An Israeli analyst might not be surprised at this conclusion. “This is only natural. The Justice and Development Party [AKP] is there to stay and as long as the AKP continues its prevalent position in Turkish politics, relations with Israel won’t improve,” they might think.
However, former diplomat Çelikkol puts the blame on Israel and on the changes in the fabric of Israeli society. The rather left-wing, secular immigrants from Europe are now being outnumbered by the rather religious right-wing immigrants now coming from the Middle East and Russia, with consequences for both domestic and foreign policy. One of the most important consequences is the strengthening of religious and extreme nationalist parties in the domestic scene.
The current picture in Israel today is one where “the powers favoring peace that could gather thousands in the streets in the past have lowered their voice. The front that favors peace with Palestinian Arabs is gradually downsizing; the center, the right and the left-of-center are inclined to take harder stance, fearing that the religious and Jewish nationalist parties that are xenophobic and anti–Muslim will get stronger.”
Çelikkol points to the concerns that Israel is distancing itself from a two state solution and is only continuing talks to gain time.

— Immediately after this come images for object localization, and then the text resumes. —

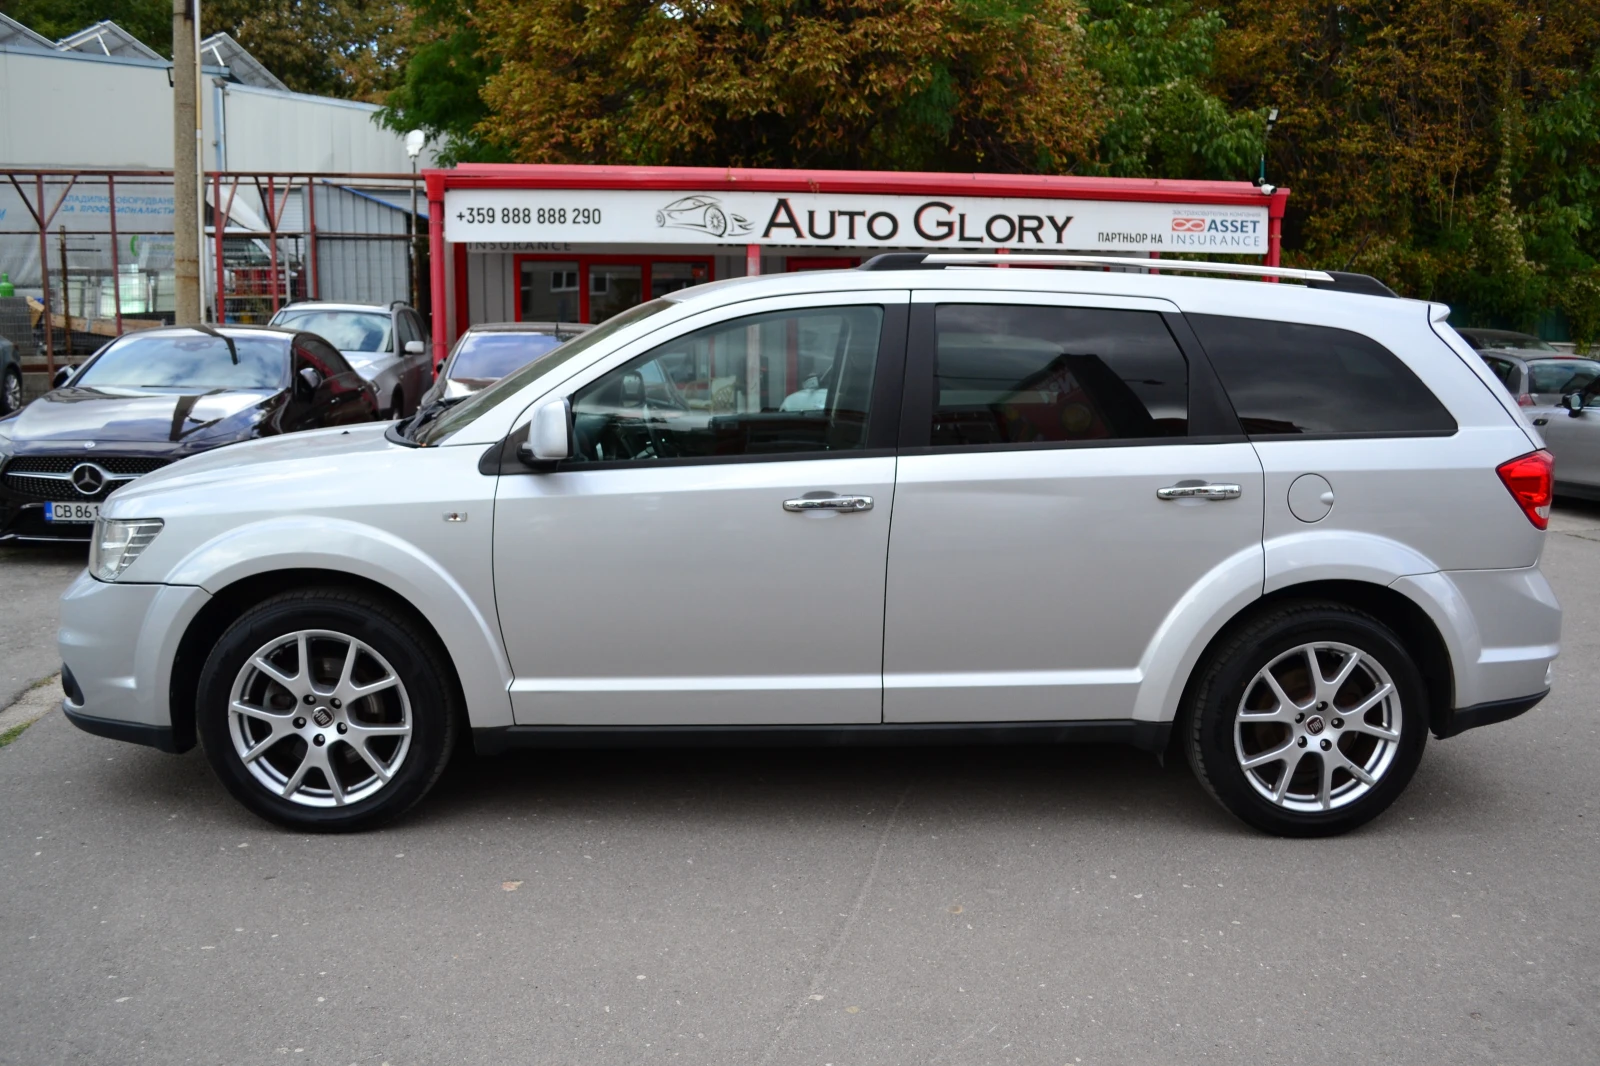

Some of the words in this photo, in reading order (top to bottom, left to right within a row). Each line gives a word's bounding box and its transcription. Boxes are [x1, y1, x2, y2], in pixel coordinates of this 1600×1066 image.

[62, 204, 75, 212] ЗА
[456, 207, 496, 224] +359
[501, 208, 531, 224] 888
[537, 208, 567, 224] 888
[572, 208, 601, 225] 290
[1207, 219, 1260, 233] ASSET
[1097, 232, 1148, 244] ПАРТНЬОР
[1150, 233, 1163, 244] НА
[1171, 234, 1260, 246] INSURANCE
[54, 504, 73, 518] CB
[1309, 719, 1322, 732] FIAT
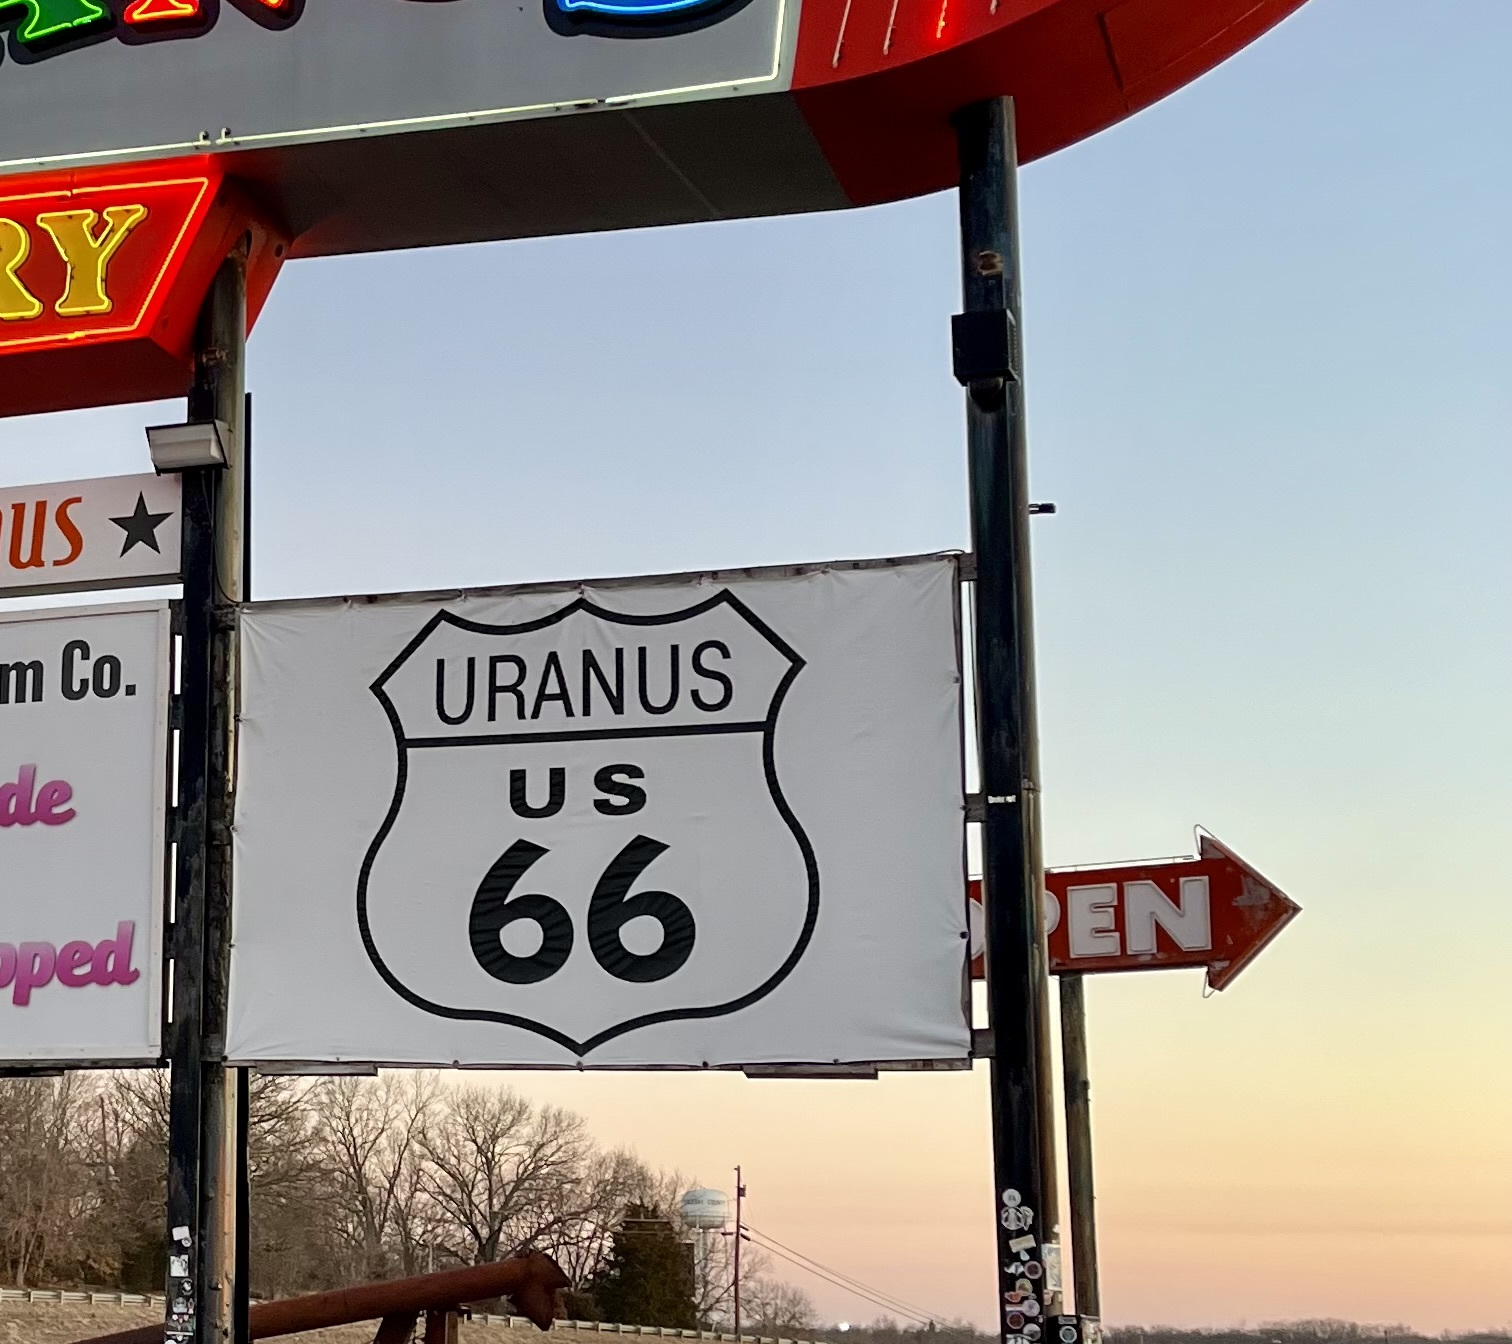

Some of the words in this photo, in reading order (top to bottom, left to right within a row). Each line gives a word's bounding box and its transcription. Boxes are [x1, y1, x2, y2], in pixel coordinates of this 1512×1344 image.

[60, 639, 139, 702] Co.
[434, 638, 734, 726] URANUS
[467, 833, 697, 986] 66

If Israel is not changing its stance, this will also remain the main barrier to improving relations with Turkey, he says.
An important point that is underlined by Çelikkol needs to reach those who are stuck with the conviction that the AKP and its religious constituency is the only reason why relations with Israel won’t improve. Çelikkol argues that support in Turkey for the Palestinian issue does not only stem from religious affinity, and that even leftist groups in Turkey (who are usually the least religious) have also been supportive of the Palestinians.
In summary, even if Turkish–Israeli relations normalize, it will be difficult to expect an improvement at the political level so long as Israel continues its intransigence on the Palestinian issue. Turkey cannot isolate itself from the problem and say “business as usual” with Israel, because the region will continue to be a source of instability unless there is a solution to the Palestinian problem. This conviction will be the prevailing one among all political parties in Turkey.